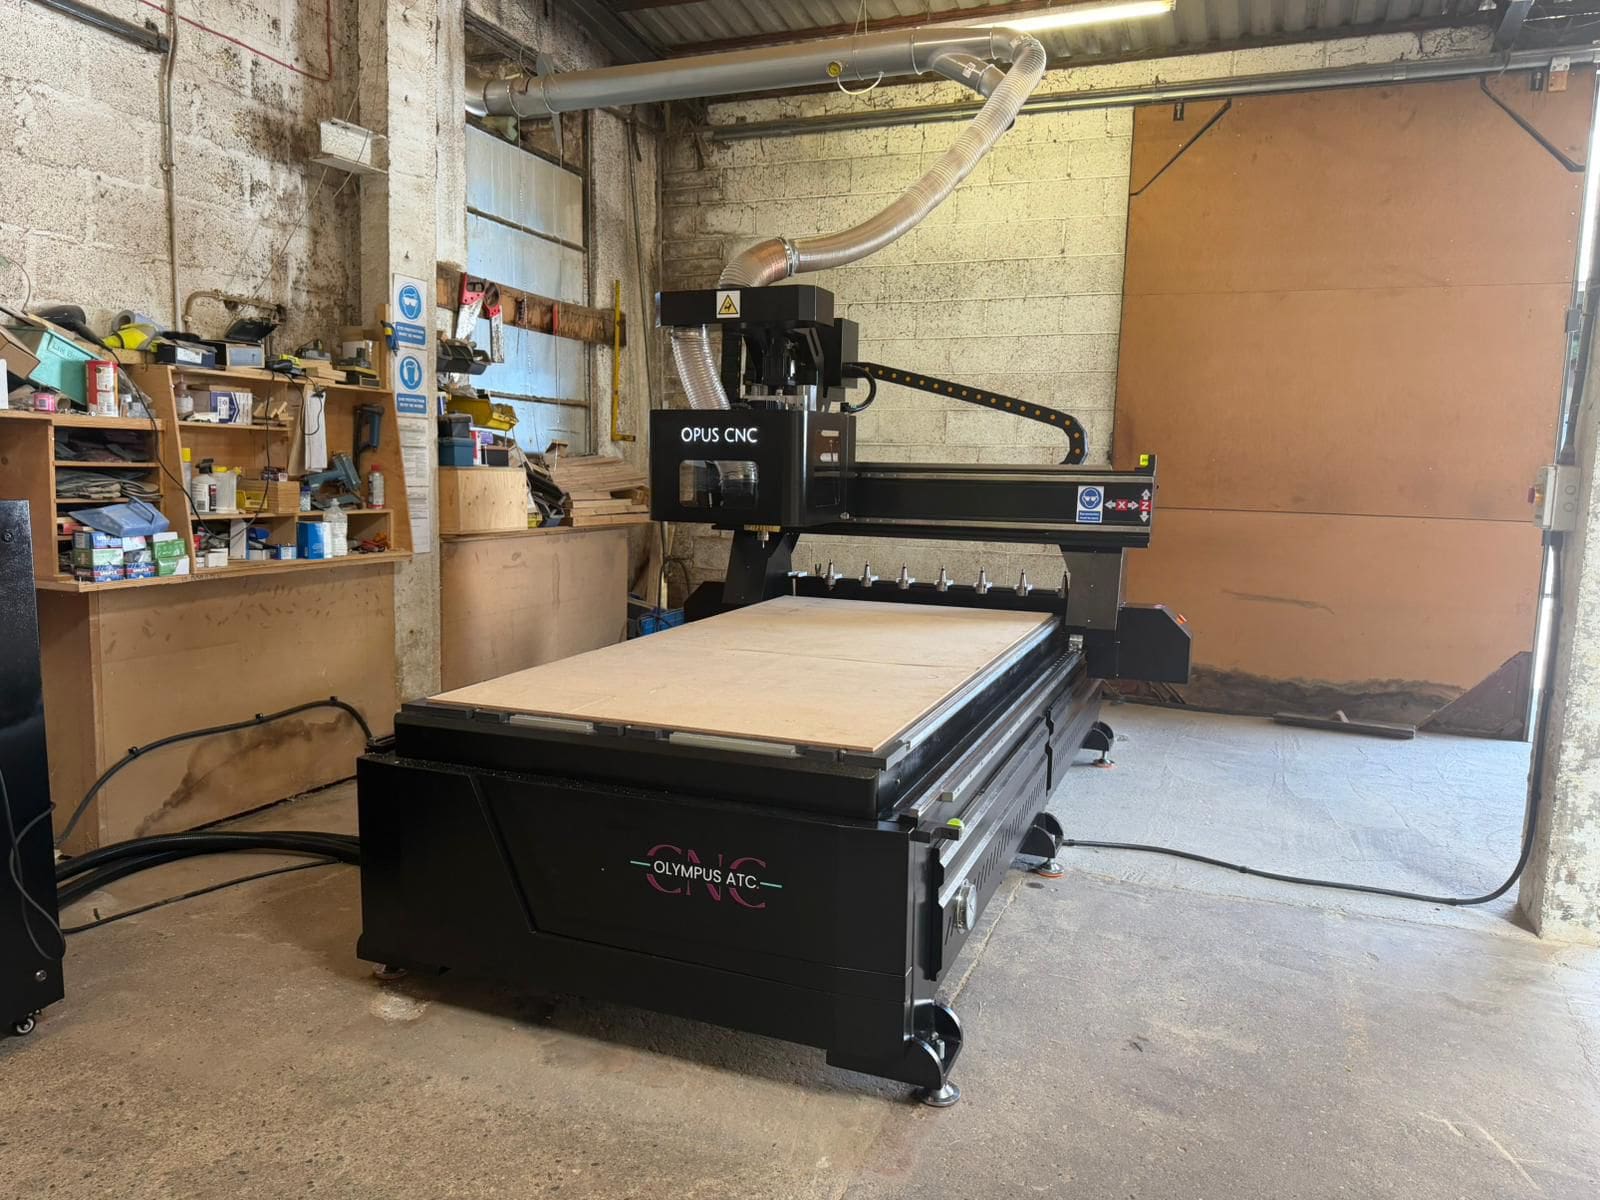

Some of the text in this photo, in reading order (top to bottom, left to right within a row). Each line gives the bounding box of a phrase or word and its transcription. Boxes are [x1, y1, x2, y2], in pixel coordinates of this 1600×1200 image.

[681, 427, 758, 443] OPUS CNC
[1118, 501, 1126, 509] X
[1141, 501, 1149, 510] Z
[647, 844, 767, 908] CNC
[653, 860, 722, 883] OLYMPUS
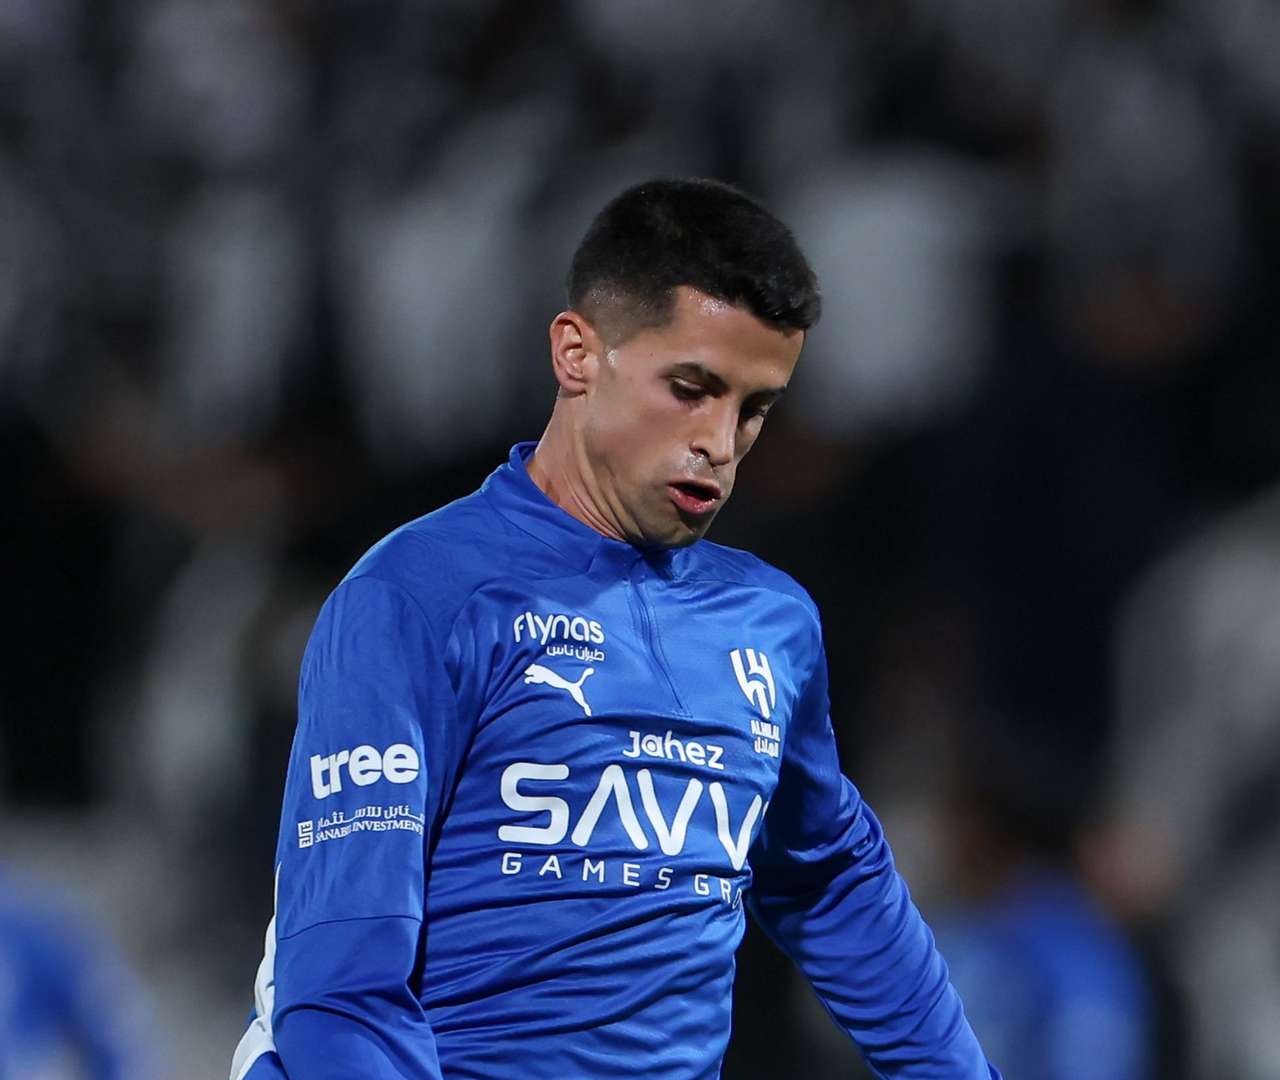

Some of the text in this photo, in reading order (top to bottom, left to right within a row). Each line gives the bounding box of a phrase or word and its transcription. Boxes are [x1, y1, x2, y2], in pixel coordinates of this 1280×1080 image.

→ Requirement: Output the entries above exactly, without their pictures.

→ Final answer:
Some of the text in this photo, in reading order (top to bottom, left to right within a row). Each line gives the bounding box of a phrase or word and its transcription. Boxes are [x1, y1, x2, y2], in pixel coordinates of this 1600×1200 image.

[681, 427, 758, 443] OPUS CNC
[1118, 501, 1126, 509] X
[1141, 501, 1149, 510] Z
[647, 844, 767, 908] CNC
[653, 860, 722, 883] OLYMPUS

Some of the text in this photo, in reading order (top to bottom, left to right within a row). Each line gives the bounding box of a phrase or word and its transcription. Boxes are [x1, y1, x2, y2], in pixel coordinates of this 1280×1080 image.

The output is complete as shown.